▸ **TASK INPUTS**
════
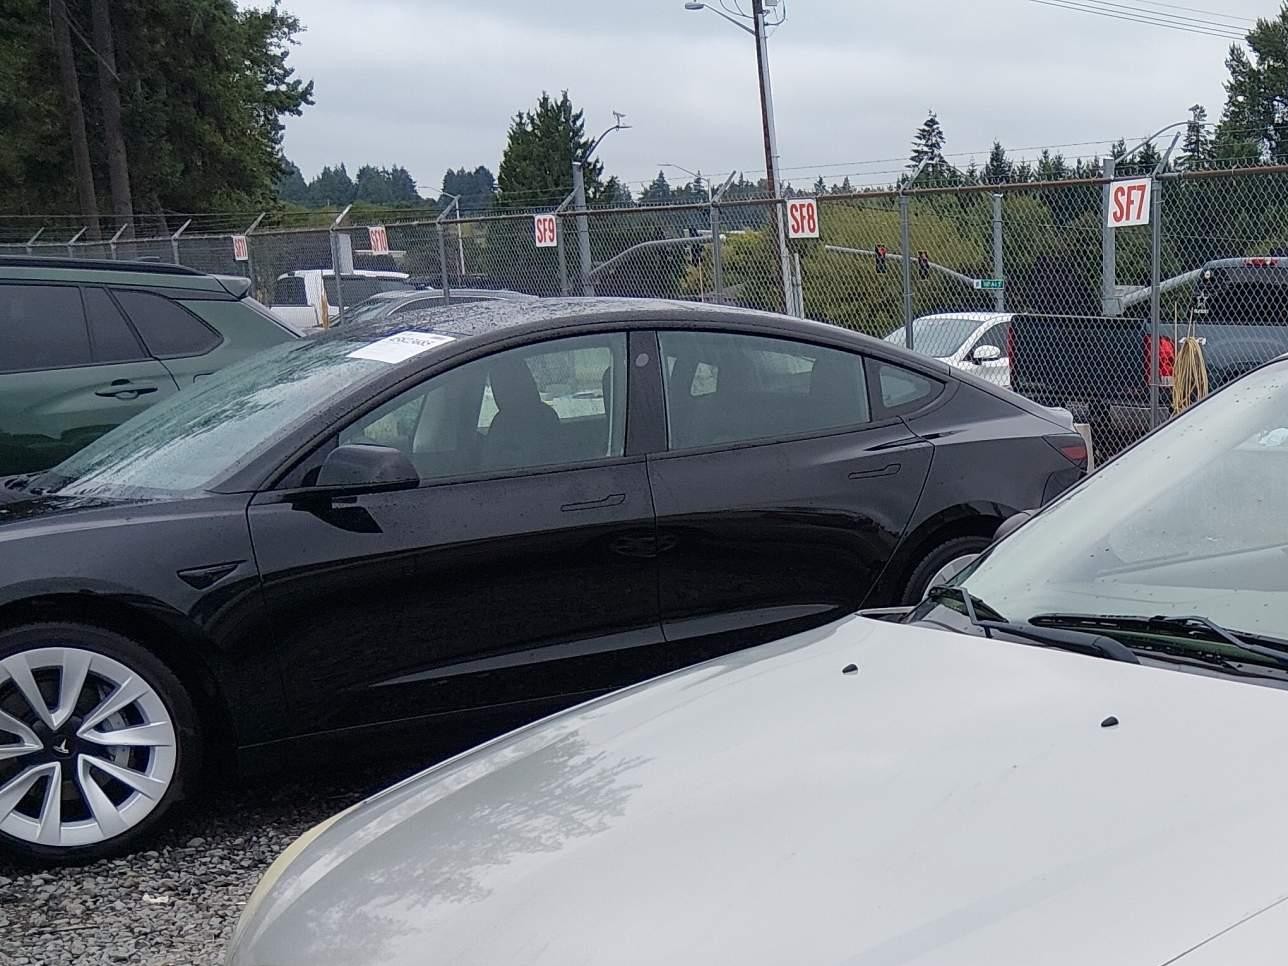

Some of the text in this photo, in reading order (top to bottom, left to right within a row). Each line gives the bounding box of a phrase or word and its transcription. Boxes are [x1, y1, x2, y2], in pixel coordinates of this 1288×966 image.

[790, 202, 817, 233] SF8
[1112, 184, 1147, 223] SF7
[370, 229, 388, 251] SF10
[536, 217, 555, 243] SF9
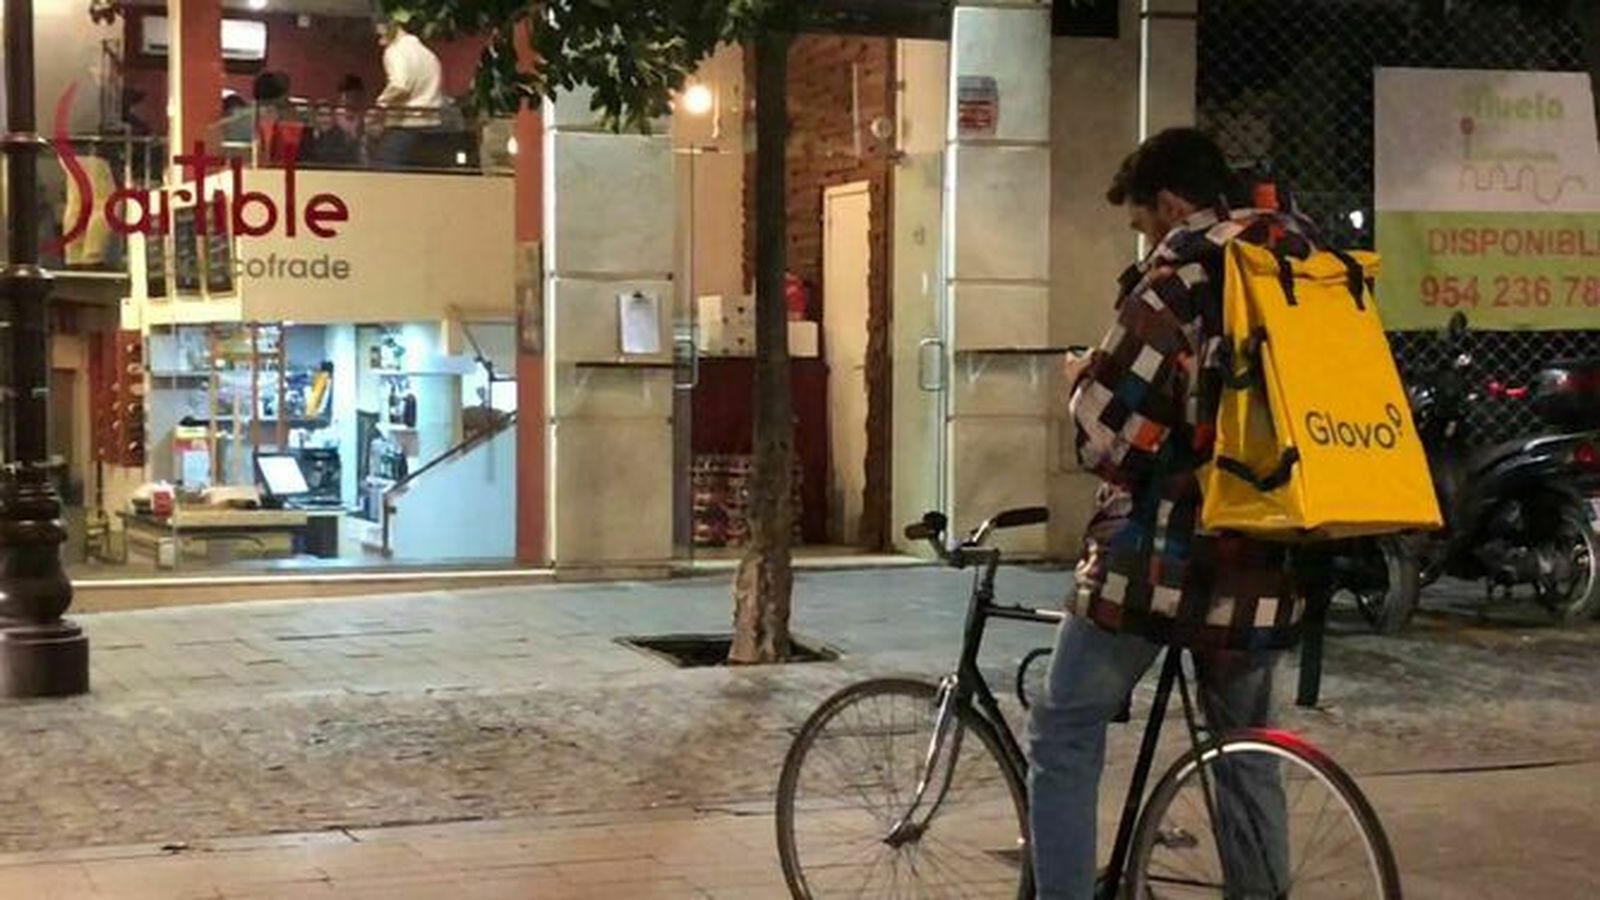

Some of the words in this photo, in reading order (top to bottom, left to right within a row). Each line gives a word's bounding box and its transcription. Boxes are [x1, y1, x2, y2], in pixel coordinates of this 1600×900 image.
════
▸ **EXERCISE OBJECTIVE**
Repeat the listing exactly, pictures excluded.

▸ **SOLUTION BELOW**
Some of the text in this photo, in reading order (top to bottom, left to right within a row). Each line gives the bounding box of a phrase or word and its transcription. Boxes are [x1, y1, x2, y2], in pixel coordinates of this 1288×966 image.

[790, 202, 817, 233] SF8
[1112, 184, 1147, 223] SF7
[370, 229, 388, 251] SF10
[536, 217, 555, 243] SF9

Some of the words in this photo, in reading order (top to bottom, left to right within a row). Each line gives a word's bounding box and its transcription. Boxes are [x1, y1, x2, y2], in pixel coordinates of this 1600×900 image.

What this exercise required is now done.